**INPUT FOR THIS TASK**
========================================================================
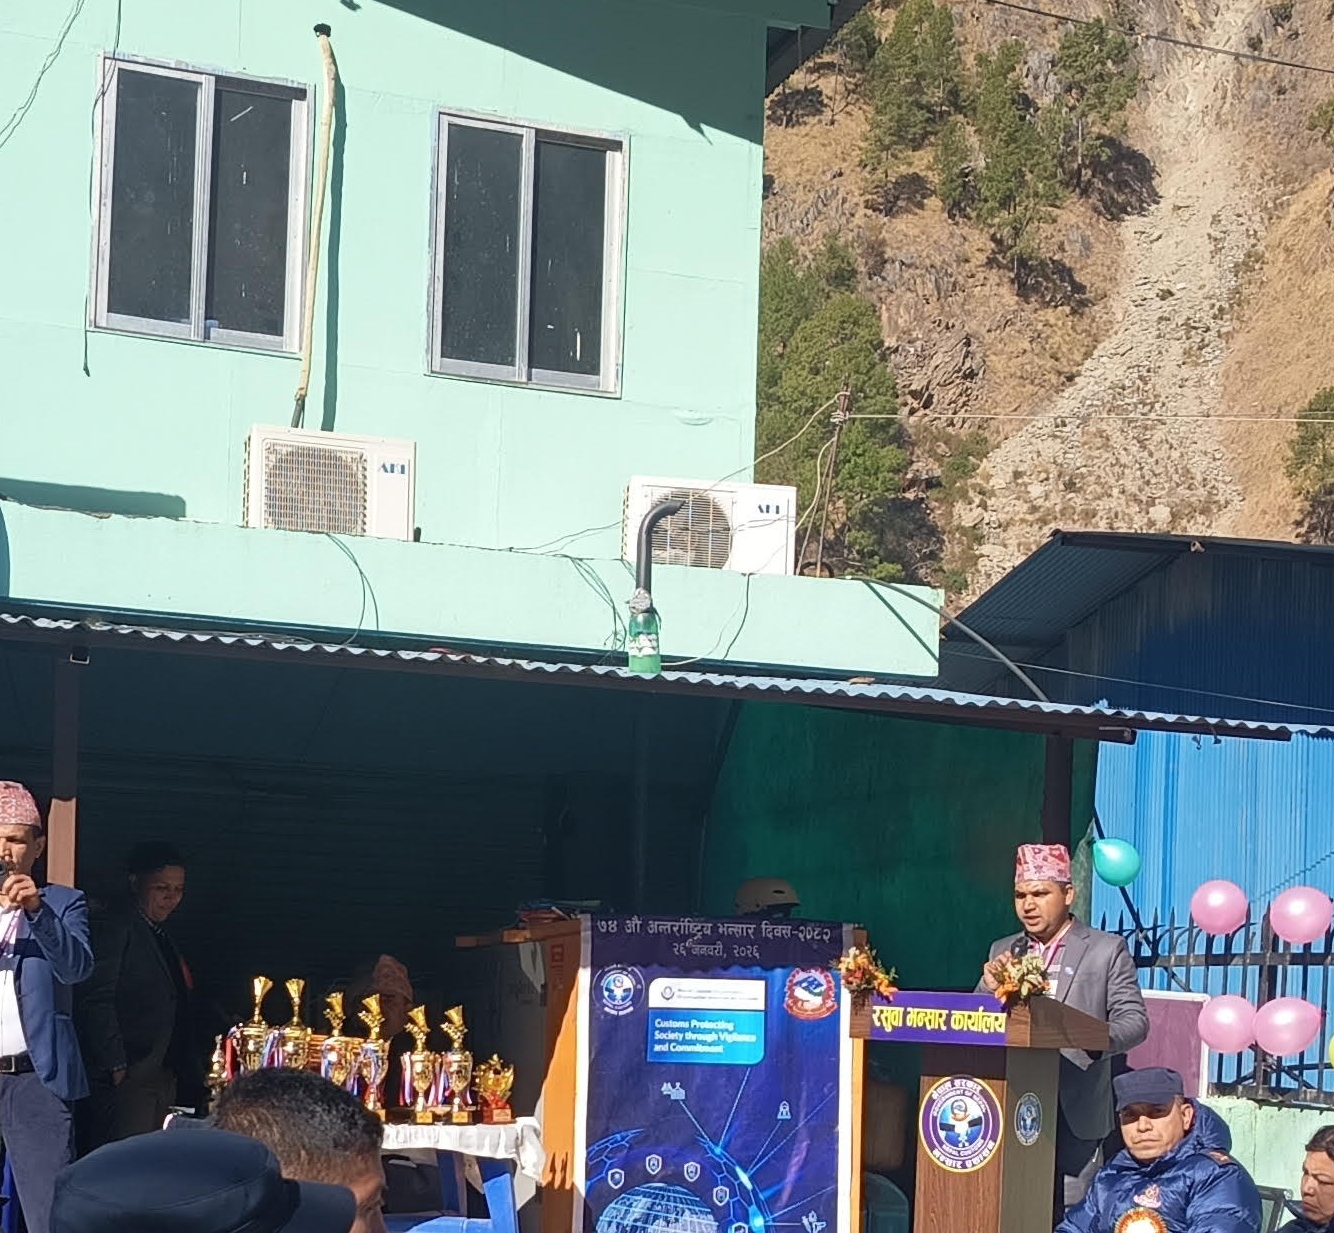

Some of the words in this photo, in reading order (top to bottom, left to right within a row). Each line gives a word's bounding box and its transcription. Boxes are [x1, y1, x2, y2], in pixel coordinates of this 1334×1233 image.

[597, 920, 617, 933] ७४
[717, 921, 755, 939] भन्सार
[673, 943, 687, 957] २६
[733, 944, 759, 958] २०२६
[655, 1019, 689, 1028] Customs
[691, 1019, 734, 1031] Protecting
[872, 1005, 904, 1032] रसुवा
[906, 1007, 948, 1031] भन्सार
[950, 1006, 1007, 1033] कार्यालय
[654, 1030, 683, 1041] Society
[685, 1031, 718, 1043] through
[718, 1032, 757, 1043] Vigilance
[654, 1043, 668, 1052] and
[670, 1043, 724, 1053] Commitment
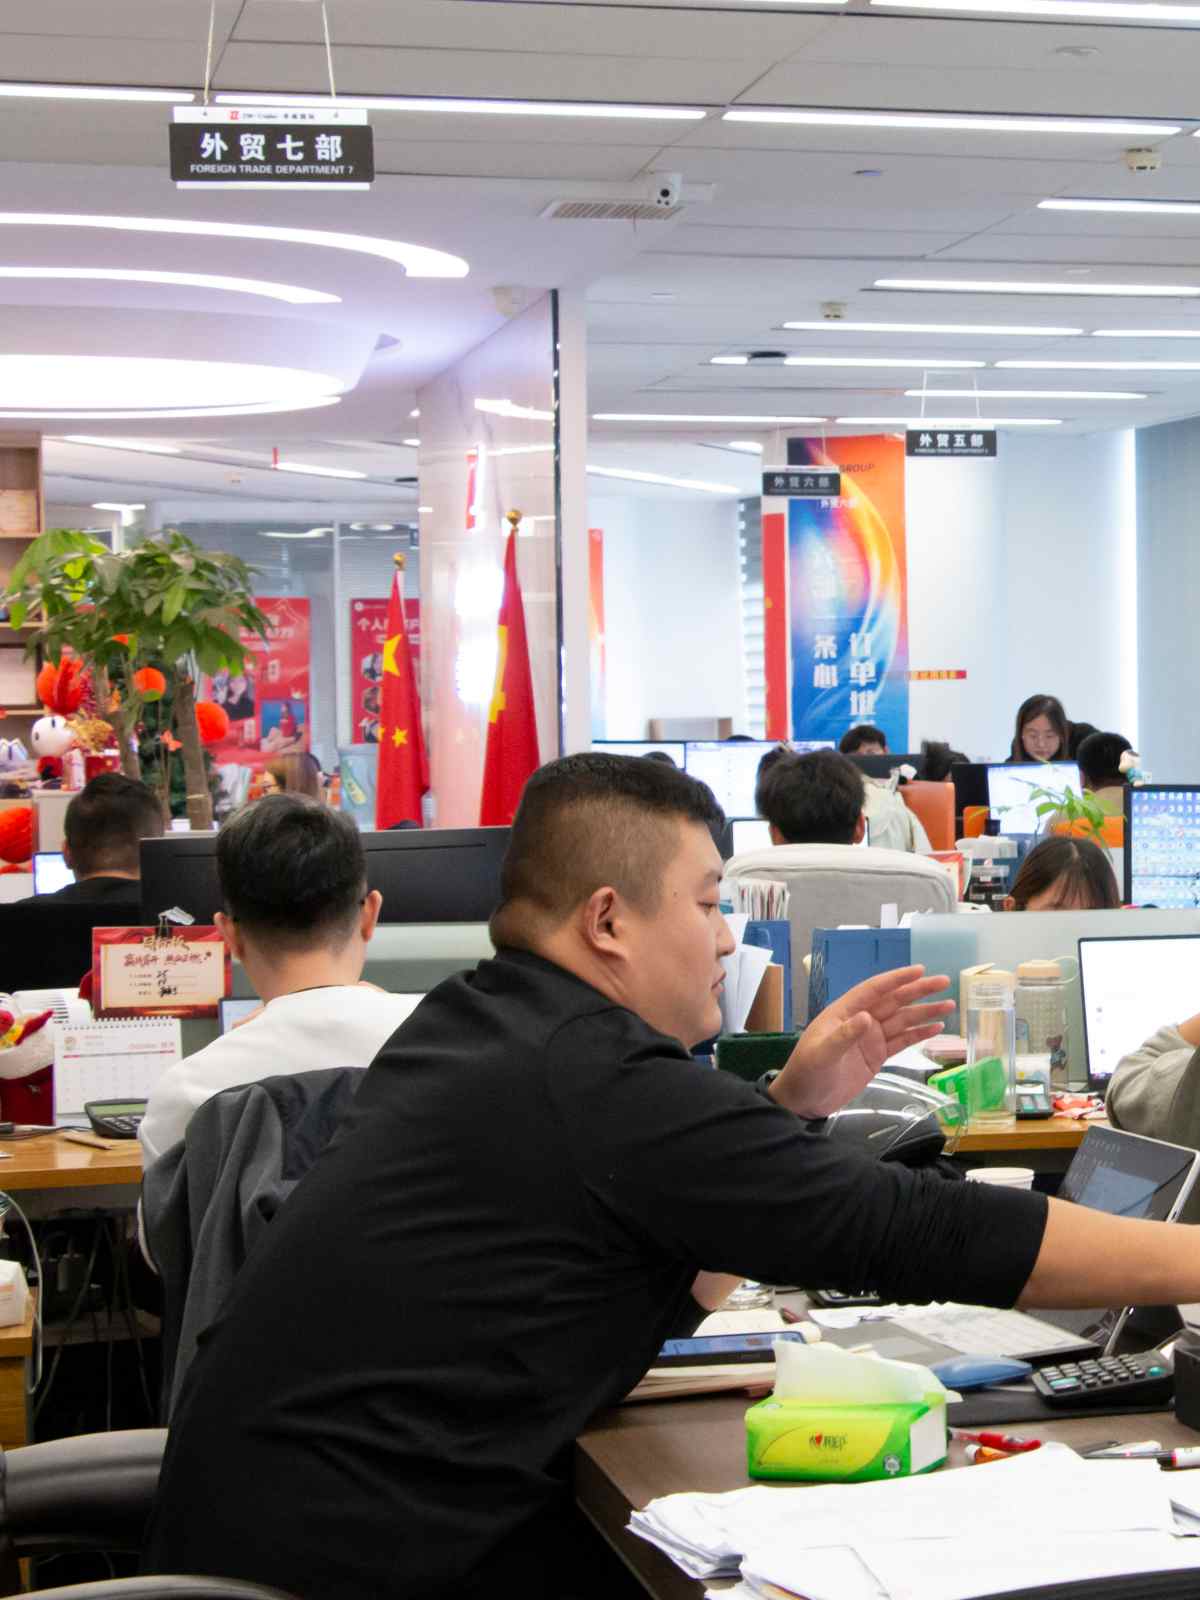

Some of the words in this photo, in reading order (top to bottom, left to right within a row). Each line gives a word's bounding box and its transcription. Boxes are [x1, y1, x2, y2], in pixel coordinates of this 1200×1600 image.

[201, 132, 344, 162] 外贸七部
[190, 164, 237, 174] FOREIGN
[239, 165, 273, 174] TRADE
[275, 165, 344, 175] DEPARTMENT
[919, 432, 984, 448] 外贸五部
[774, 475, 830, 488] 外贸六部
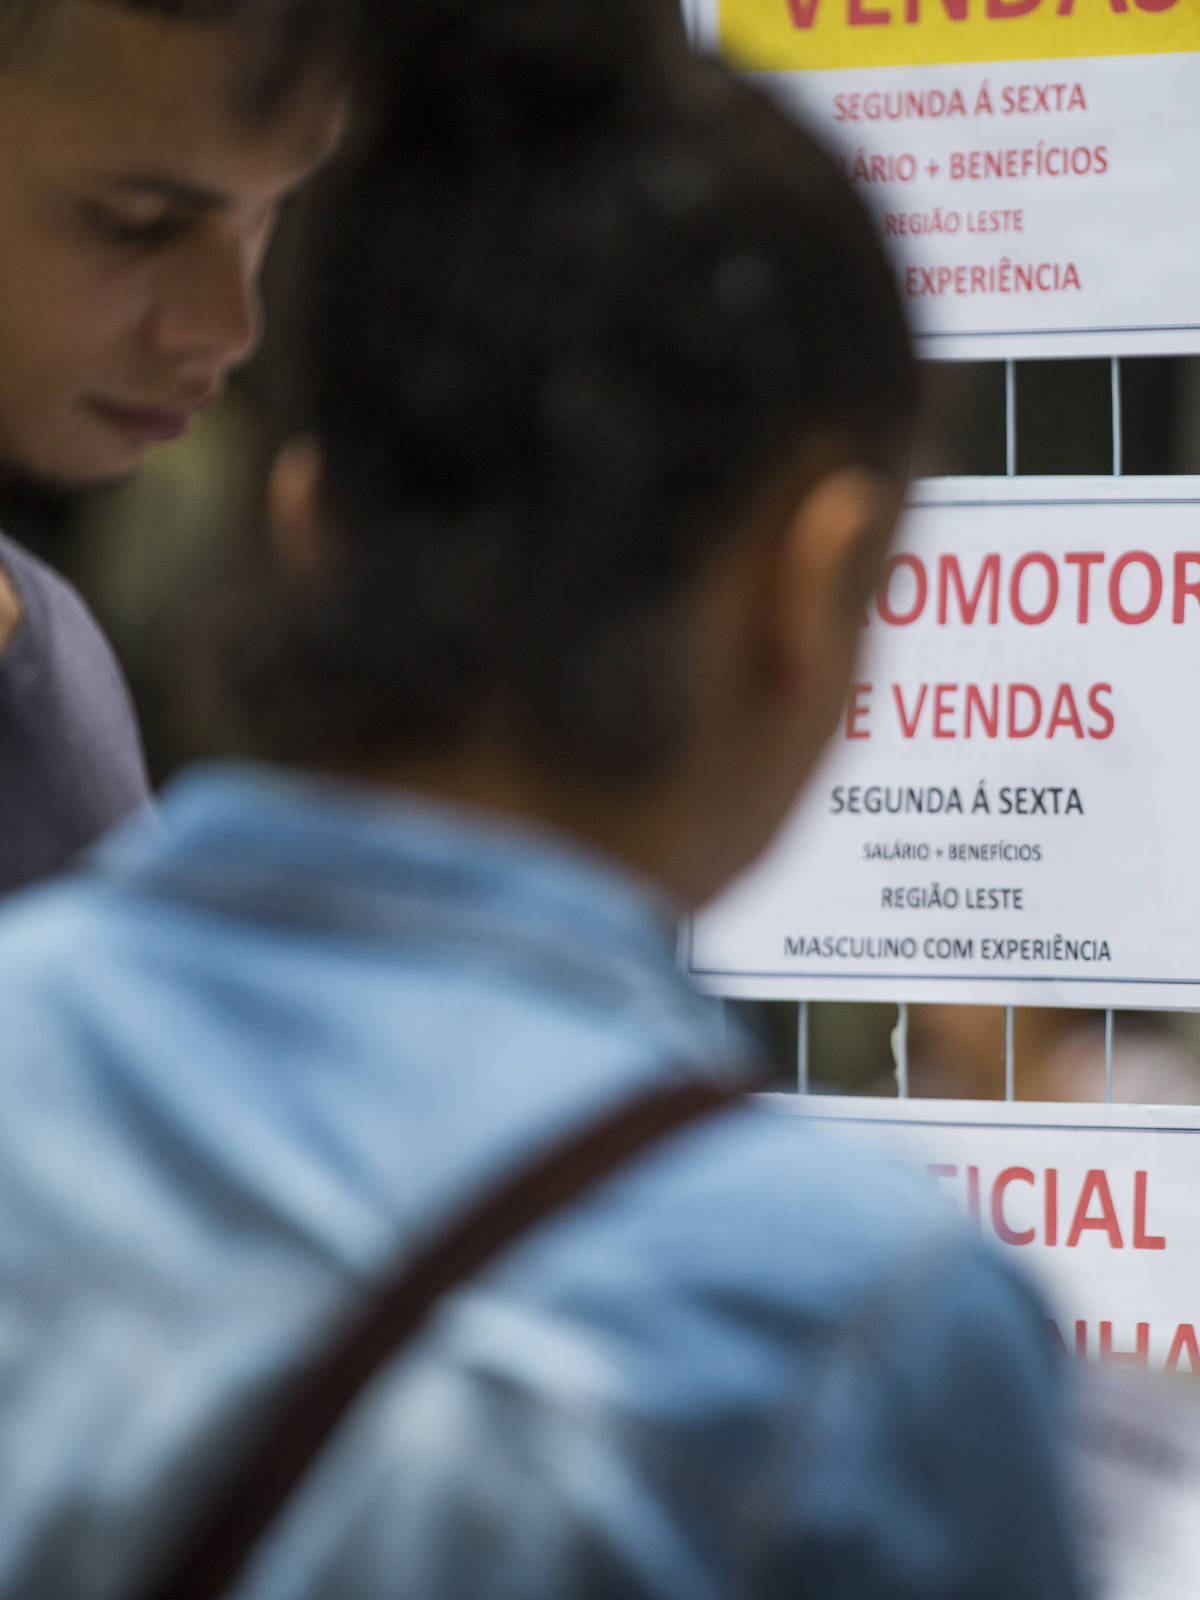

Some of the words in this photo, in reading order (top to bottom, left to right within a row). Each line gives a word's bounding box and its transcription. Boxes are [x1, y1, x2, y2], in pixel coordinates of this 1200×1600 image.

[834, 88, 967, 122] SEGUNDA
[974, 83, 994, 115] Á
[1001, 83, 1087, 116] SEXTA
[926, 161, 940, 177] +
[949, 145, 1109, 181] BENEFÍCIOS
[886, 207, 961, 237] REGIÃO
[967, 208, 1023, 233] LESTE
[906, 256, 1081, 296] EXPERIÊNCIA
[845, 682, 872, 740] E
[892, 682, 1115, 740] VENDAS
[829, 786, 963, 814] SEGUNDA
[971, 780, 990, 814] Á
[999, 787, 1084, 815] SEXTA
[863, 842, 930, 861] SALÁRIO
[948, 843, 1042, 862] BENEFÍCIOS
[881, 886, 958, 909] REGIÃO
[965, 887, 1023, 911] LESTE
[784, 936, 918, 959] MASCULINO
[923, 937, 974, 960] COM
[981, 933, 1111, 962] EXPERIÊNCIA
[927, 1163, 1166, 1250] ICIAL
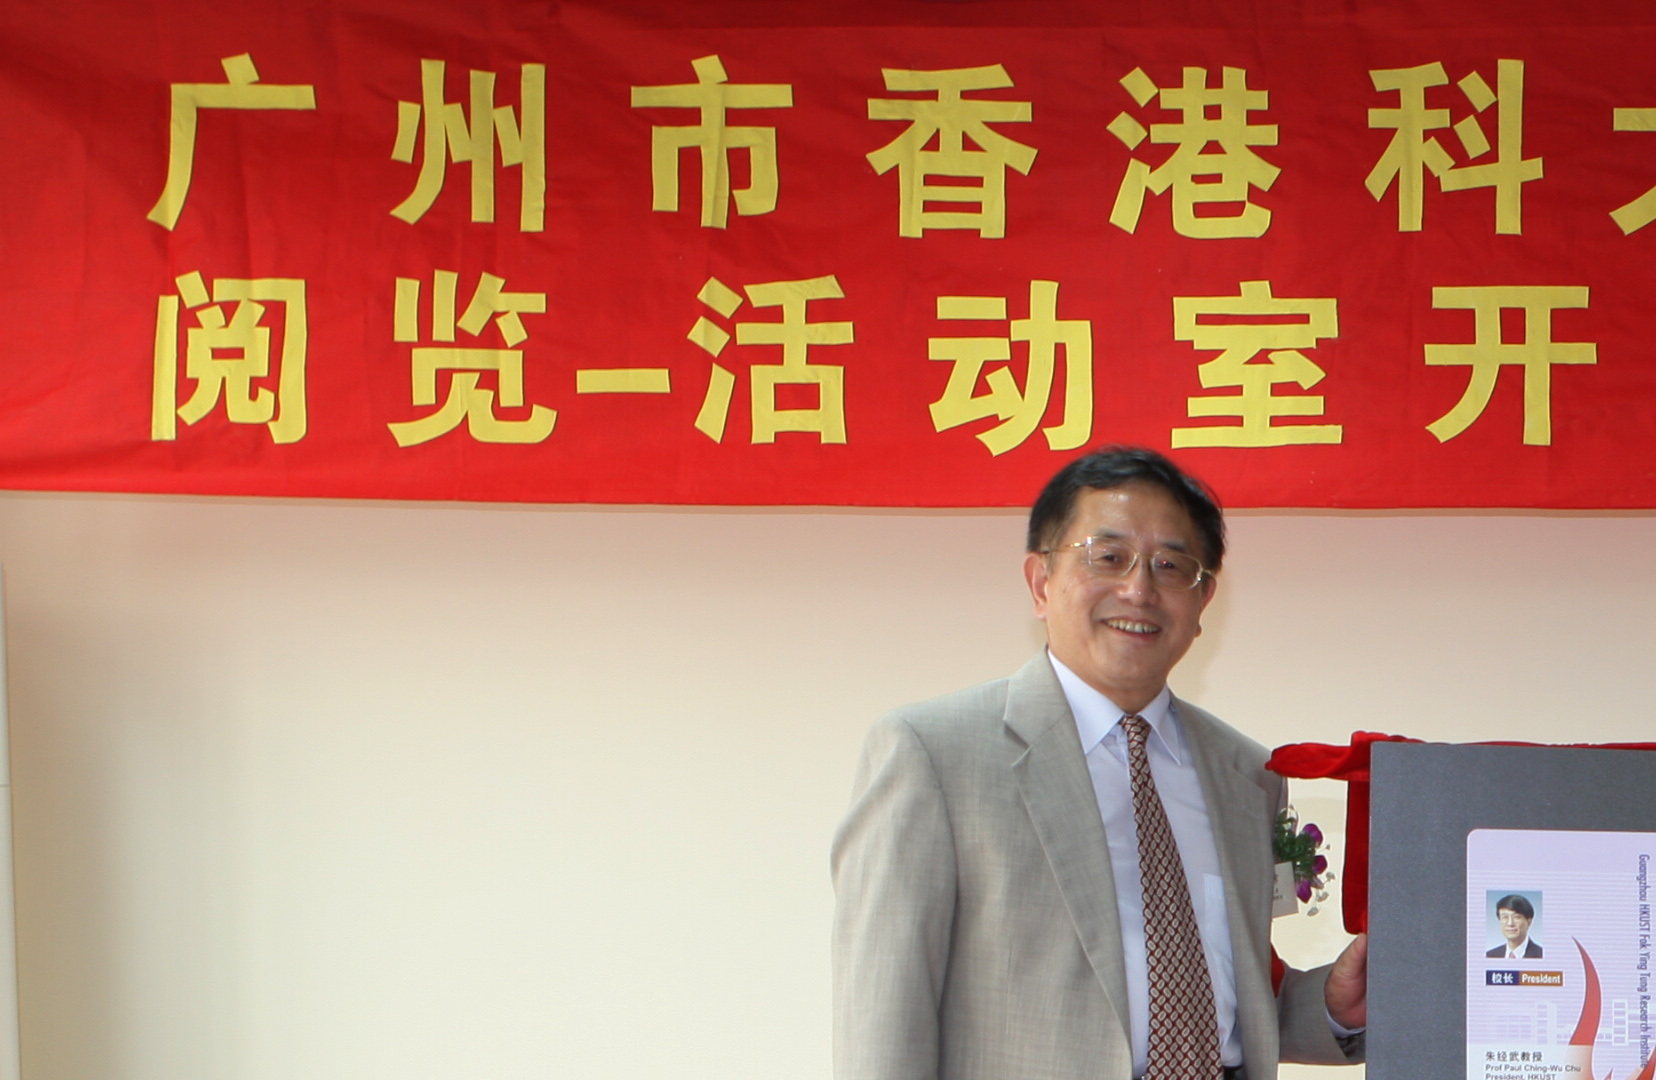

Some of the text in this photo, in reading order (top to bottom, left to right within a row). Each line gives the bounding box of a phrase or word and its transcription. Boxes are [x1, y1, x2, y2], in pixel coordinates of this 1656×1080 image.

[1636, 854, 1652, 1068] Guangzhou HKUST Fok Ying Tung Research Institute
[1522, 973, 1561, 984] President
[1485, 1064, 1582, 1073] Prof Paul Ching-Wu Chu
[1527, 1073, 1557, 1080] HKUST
========================================================================
**EXERCISE INSTRUCTIONS**
Could you copy each line above exactly as written, minus any pictures?

**RESULT FOR THIS TASK**
Some of the words in this photo, in reading order (top to bottom, left to right within a row). Each line gives a word's bounding box and its transcription. Boxes are [x1, y1, x2, y2], in pixel coordinates of this 1334×1233 image.

[597, 920, 617, 933] ७४
[717, 921, 755, 939] भन्सार
[673, 943, 687, 957] २६
[733, 944, 759, 958] २०२६
[655, 1019, 689, 1028] Customs
[691, 1019, 734, 1031] Protecting
[872, 1005, 904, 1032] रसुवा
[906, 1007, 948, 1031] भन्सार
[950, 1006, 1007, 1033] कार्यालय
[654, 1030, 683, 1041] Society
[685, 1031, 718, 1043] through
[718, 1032, 757, 1043] Vigilance
[654, 1043, 668, 1052] and
[670, 1043, 724, 1053] Commitment

Some of the words in this photo, in reading order (top to bottom, left to right within a row). Each line gives a word's bounding box and its transcription. Boxes are [x1, y1, x2, y2], in pixel coordinates of this 1200×1600 image.

[201, 132, 344, 162] 外贸七部
[190, 164, 237, 174] FOREIGN
[239, 165, 273, 174] TRADE
[275, 165, 344, 175] DEPARTMENT
[919, 432, 984, 448] 外贸五部
[774, 475, 830, 488] 外贸六部

Some of the words in this photo, in reading order (top to bottom, left to right within a row). Each line gives a word's bounding box and its transcription. Boxes are [x1, y1, x2, y2], in pixel coordinates of this 1200×1600 image.

[834, 88, 967, 122] SEGUNDA
[974, 83, 994, 115] Á
[1001, 83, 1087, 116] SEXTA
[926, 161, 940, 177] +
[949, 145, 1109, 181] BENEFÍCIOS
[886, 207, 961, 237] REGIÃO
[967, 208, 1023, 233] LESTE
[906, 256, 1081, 296] EXPERIÊNCIA
[845, 682, 872, 740] E
[892, 682, 1115, 740] VENDAS
[829, 786, 963, 814] SEGUNDA
[971, 780, 990, 814] Á
[999, 787, 1084, 815] SEXTA
[863, 842, 930, 861] SALÁRIO
[948, 843, 1042, 862] BENEFÍCIOS
[881, 886, 958, 909] REGIÃO
[965, 887, 1023, 911] LESTE
[784, 936, 918, 959] MASCULINO
[923, 937, 974, 960] COM
[981, 933, 1111, 962] EXPERIÊNCIA
[927, 1163, 1166, 1250] ICIAL

Some of the text in this photo, in reading order (top to bottom, left to right within a row). Each line gives the bounding box of a phrase or word and its transcription. Boxes are [x1, y1, x2, y2], in pixel coordinates of this 1656×1080 image.

[1636, 854, 1652, 1068] Guangzhou HKUST Fok Ying Tung Research Institute
[1522, 973, 1561, 984] President
[1485, 1064, 1582, 1073] Prof Paul Ching-Wu Chu
[1527, 1073, 1557, 1080] HKUST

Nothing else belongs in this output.